▶ **TASK**
Give the entries again, word for word.

▶ **Data excerpts**
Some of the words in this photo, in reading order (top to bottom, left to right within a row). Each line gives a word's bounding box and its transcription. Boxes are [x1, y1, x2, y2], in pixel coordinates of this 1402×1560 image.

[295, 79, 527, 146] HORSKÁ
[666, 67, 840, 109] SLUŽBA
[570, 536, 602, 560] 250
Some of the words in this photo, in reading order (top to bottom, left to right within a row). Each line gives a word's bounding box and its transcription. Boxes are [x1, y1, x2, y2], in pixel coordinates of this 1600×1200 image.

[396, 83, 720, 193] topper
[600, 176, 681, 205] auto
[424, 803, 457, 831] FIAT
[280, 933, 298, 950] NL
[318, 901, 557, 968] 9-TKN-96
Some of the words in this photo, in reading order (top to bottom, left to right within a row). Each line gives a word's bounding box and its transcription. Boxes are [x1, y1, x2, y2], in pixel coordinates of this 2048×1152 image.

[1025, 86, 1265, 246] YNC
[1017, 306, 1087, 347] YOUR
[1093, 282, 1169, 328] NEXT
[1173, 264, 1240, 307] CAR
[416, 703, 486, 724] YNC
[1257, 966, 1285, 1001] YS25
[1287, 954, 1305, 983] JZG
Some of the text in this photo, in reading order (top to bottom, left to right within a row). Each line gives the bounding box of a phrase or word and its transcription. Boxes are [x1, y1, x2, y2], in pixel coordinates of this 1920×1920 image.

▶ **RESULT**
Some of the words in this photo, in reading order (top to bottom, left to right within a row). Each line gives a word's bounding box and its transcription. Boxes are [x1, y1, x2, y2], in pixel coordinates of this 1402×1560 image.

[295, 79, 527, 146] HORSKÁ
[666, 67, 840, 109] SLUŽBA
[570, 536, 602, 560] 250
Some of the words in this photo, in reading order (top to bottom, left to right within a row). Each line gives a word's bounding box and its transcription. Boxes are [x1, y1, x2, y2], in pixel coordinates of this 1600×1200 image.

[396, 83, 720, 193] topper
[600, 176, 681, 205] auto
[424, 803, 457, 831] FIAT
[280, 933, 298, 950] NL
[318, 901, 557, 968] 9-TKN-96
Some of the words in this photo, in reading order (top to bottom, left to right within a row). Each line gives a word's bounding box and its transcription. Boxes are [x1, y1, x2, y2], in pixel coordinates of this 2048×1152 image.

[1025, 86, 1265, 246] YNC
[1017, 306, 1087, 347] YOUR
[1093, 282, 1169, 328] NEXT
[1173, 264, 1240, 307] CAR
[416, 703, 486, 724] YNC
[1257, 966, 1285, 1001] YS25
[1287, 954, 1305, 983] JZG
Some of the text in this photo, in reading order (top to bottom, left to right within a row). Each line gives the bounding box of a phrase or word and its transcription. Boxes are [x1, y1, x2, y2], in pixel coordinates of this 1920×1920 image.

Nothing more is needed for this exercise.